“This one’s noticeable too, for being so damned ugly.”
Lucky grinned, recalling his own first meeting with the car he’d underestimated. “This is nothing. You should’ve seen it when it still had spinner rims.”
Cruz groused to himself in Spanish. Lucky tried not to be too smug.
For about a minute.
CHAPTER THIRTEEN
They parked across the street from the building. Time hadn’t sweetened the image. Damned place wasn’t fit for anyone to live in. Someone ought to take a wrecking ball to the eight-floor stucco and pigeon shit fire trap. No fire escapes even.
Lights shone from the windows, with an occasional shadow marking someone’s passing. Poor souls.
“Wait here.” Cruz patted Lucky’s shoulder and climbed out of the car, guaranteeing Lucky wouldn’t stay put. Cruz didn’t complain when Lucky followed him to the front entrance.
Four young toughs sat outside, though they didn’t look like the same men on the morning shift. Three feet from the steps Cruz yelled in Spanish, brandishing his phone. The two guys who’d stepped forward to stop him jumped back.
Yep, best defense, good offense and all.
Cruz charged toward the front door. All four men formed a barrier, chest to chest. Cruz screamed, looking up at the windows and calling, “Maria? Maria!” acting all the world like a man dying of a broken heart.
With no warning, he slammed a fist into one guy’s mouth. The man shrieked, clutching his face. Blood spurted between his fingers. Cruz kicked another guy.
The other two ran. Chicken shits. The two injured followed their friends into the night. Not gangbangers, and they didn’t appear armed. They’d have put up more of a fight.
“Ain’t you afraid they’ll go tell their bosses?” Lucky would’ve snuck around and tried the back door.
“No, my friend. They won’t tell anyone they got their asses beat down by a single man.”
Probably true. Lucky wouldn’t want to admit such.
Cruz grinned and jerked on the door handle. Nothing happened. Locked.
“I got this.” Lucky jogged back to the car and returned with a kit he hadn’t used much lately. Fifteen seconds to open the door. The lock must’ve been forty years old. Spiderweb cracks covered one glass door panel, while plywood covered the other. It might’ve been easier to break the door down, but why have mad lockpicking skills and not use them?
“They keep them locked in,” Cruz observed.
Lucky’d noticed, the bastards. One lit match and the place would go up like kindling. What would happen to the tenants then? He drew his gun, holding his current best friend close to his chest, standing a few feet behind Cruz. Unlike in the alleyway training session, he didn’t need to lead with his gun.

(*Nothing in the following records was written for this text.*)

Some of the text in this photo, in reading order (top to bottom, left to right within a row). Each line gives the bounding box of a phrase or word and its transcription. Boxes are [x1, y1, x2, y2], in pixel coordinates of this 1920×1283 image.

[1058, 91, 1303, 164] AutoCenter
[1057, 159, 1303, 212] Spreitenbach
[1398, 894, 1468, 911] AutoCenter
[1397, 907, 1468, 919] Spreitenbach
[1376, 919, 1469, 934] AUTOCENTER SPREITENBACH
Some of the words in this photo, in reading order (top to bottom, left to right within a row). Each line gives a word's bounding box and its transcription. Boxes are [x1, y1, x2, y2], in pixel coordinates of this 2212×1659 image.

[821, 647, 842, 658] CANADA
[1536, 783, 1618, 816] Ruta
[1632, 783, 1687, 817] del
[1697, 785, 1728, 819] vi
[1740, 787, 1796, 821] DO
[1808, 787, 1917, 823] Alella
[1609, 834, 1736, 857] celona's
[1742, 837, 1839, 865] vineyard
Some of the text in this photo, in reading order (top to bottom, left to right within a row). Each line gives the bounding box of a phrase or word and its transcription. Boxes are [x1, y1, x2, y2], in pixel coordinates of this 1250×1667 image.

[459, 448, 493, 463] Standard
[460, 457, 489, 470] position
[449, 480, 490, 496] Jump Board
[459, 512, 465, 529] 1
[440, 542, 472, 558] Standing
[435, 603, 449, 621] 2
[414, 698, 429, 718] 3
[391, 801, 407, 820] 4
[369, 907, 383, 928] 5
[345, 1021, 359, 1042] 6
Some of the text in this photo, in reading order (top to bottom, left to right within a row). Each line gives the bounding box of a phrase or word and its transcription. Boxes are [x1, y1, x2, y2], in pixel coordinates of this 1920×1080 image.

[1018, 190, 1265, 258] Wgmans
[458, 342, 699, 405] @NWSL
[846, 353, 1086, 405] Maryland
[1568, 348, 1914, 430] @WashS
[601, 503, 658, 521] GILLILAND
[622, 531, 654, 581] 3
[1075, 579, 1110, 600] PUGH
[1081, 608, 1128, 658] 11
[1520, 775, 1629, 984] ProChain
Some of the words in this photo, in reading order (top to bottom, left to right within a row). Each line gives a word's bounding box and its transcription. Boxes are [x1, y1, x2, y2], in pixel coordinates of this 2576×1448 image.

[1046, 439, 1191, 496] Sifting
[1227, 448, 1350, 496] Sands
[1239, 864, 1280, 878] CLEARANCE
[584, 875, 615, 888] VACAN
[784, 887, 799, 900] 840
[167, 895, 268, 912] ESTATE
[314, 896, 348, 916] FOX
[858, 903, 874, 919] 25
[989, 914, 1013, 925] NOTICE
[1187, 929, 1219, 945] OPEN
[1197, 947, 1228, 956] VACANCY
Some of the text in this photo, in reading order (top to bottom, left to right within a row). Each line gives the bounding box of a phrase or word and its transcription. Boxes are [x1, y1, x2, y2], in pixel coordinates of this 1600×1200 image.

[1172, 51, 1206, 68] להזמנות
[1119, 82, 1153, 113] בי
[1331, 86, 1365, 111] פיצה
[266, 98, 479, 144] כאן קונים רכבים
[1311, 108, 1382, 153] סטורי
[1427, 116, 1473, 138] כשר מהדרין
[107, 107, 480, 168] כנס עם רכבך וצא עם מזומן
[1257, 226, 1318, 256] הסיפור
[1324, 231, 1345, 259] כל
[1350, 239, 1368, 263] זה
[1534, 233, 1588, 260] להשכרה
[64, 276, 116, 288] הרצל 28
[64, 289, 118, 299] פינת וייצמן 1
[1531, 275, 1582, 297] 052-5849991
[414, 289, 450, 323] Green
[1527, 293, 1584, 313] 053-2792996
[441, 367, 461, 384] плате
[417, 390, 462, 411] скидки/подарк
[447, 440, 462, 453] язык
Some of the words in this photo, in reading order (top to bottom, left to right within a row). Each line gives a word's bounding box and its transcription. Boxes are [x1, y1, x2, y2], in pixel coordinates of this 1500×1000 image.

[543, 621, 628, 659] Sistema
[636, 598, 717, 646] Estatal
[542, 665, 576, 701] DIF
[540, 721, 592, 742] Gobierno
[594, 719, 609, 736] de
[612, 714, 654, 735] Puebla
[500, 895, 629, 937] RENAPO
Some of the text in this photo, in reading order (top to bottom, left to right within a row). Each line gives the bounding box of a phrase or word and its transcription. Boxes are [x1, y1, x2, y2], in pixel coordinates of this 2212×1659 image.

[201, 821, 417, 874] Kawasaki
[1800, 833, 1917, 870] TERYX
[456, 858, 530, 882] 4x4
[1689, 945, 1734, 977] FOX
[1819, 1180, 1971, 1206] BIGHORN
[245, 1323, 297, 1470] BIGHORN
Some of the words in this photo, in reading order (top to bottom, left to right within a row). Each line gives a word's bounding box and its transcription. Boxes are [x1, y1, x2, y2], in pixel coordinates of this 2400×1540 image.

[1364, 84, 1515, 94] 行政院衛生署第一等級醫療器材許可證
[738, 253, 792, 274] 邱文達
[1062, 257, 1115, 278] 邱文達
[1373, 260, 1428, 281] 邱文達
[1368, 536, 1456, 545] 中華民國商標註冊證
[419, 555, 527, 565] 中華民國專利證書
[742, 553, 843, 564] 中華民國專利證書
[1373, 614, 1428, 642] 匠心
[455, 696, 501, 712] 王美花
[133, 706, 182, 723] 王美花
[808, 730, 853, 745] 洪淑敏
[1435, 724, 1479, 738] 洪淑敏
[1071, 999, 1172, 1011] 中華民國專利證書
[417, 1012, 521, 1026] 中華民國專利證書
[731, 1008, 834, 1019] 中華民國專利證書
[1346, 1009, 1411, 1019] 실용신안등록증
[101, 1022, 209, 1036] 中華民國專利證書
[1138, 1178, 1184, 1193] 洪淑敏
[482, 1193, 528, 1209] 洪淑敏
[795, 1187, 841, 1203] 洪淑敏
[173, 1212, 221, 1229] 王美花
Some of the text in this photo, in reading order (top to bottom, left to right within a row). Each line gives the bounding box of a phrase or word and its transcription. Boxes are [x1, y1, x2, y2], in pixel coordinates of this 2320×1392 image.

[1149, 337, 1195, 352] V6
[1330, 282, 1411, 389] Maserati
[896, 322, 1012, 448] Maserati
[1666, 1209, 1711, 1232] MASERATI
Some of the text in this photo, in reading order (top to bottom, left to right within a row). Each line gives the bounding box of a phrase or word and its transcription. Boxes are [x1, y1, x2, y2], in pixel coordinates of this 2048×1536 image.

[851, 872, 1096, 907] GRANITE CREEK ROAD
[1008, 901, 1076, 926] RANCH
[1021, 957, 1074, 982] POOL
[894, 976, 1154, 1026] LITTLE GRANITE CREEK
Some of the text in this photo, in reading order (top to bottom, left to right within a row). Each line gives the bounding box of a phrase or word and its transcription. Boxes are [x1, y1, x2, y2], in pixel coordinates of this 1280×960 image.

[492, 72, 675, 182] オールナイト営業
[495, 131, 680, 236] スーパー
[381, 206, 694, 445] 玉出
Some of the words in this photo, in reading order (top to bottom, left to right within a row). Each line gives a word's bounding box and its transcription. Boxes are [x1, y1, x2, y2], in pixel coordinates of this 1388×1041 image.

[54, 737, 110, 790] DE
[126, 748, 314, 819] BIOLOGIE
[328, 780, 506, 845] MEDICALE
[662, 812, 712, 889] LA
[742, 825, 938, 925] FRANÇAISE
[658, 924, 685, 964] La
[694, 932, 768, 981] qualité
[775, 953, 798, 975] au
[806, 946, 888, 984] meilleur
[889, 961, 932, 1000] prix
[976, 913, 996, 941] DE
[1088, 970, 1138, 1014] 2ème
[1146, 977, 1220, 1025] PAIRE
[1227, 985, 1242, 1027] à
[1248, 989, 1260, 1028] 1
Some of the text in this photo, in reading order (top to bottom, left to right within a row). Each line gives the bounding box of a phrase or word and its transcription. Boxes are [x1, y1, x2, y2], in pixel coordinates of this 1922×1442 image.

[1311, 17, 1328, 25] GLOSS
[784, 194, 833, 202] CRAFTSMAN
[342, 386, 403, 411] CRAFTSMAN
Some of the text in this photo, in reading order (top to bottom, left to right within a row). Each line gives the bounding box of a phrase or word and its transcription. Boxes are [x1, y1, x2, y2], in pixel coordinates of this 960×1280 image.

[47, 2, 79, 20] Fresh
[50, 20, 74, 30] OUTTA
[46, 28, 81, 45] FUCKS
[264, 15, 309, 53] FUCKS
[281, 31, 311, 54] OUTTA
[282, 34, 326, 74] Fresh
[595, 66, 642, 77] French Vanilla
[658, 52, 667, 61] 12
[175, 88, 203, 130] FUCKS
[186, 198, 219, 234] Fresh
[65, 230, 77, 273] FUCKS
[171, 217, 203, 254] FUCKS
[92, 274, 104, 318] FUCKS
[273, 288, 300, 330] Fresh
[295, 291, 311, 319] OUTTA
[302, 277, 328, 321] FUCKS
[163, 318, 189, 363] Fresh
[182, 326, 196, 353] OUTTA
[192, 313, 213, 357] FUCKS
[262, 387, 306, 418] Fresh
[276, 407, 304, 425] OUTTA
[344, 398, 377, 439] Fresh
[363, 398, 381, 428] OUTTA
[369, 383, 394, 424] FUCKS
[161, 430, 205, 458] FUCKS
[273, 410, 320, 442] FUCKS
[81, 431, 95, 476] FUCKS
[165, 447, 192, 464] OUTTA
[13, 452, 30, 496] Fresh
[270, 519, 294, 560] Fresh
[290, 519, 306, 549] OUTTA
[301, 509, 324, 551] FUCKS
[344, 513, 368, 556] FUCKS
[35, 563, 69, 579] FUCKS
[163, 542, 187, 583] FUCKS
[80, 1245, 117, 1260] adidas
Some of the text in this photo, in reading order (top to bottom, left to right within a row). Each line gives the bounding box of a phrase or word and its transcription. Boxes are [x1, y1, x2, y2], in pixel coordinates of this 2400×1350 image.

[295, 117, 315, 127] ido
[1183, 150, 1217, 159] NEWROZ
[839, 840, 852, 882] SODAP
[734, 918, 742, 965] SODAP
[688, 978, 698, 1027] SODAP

Paper, cans, cigarette butts and broken bits of plaster littered the floor. Bare boards peeked out from some areas of the walls. Chips in the faded linoleum floor invited unsuspecting shoe heels to throw somebody.
The first door had no numbers, but a faded outline declared the apartment to be 1A. The dent in the panel appeared the right height and shape to be the work of a fist.
Cruz knocked. The door cracked open and a scared face peered out. “Si?”
Cruz showed the image on the phone and chattered away.
The woman couldn’t have been more than twenty. She pointed up. Lucky made out “third floor, apartment B.”
Cruz thanked the woman. She slammed the door. A chain rattled a moment later.
Together Lucky and his convenient interpreter took the stairs two at a time. The whole place reeked of mold, onions, cigarette smoke, and other things he blocked from his mind. The handrail nearly gave way. Most of the lights were out in the stairwell, leaving them in a gray gloom.
Coming from a poor background, Lucky’d stayed in some pretty low-rent apartments before moving into Victor Mangiardi’s mansion. None of his came close to this run-down hellhole.
The third-floor hall lights were all out. Voices came from behind some doors, but no sounds of televisions, video games, or much else. That poor girl had to waddle up all those stairs?
Cruz knocked on a door with a sideways B, the impression of the letter permanently etched into the door. Another scared face peered out.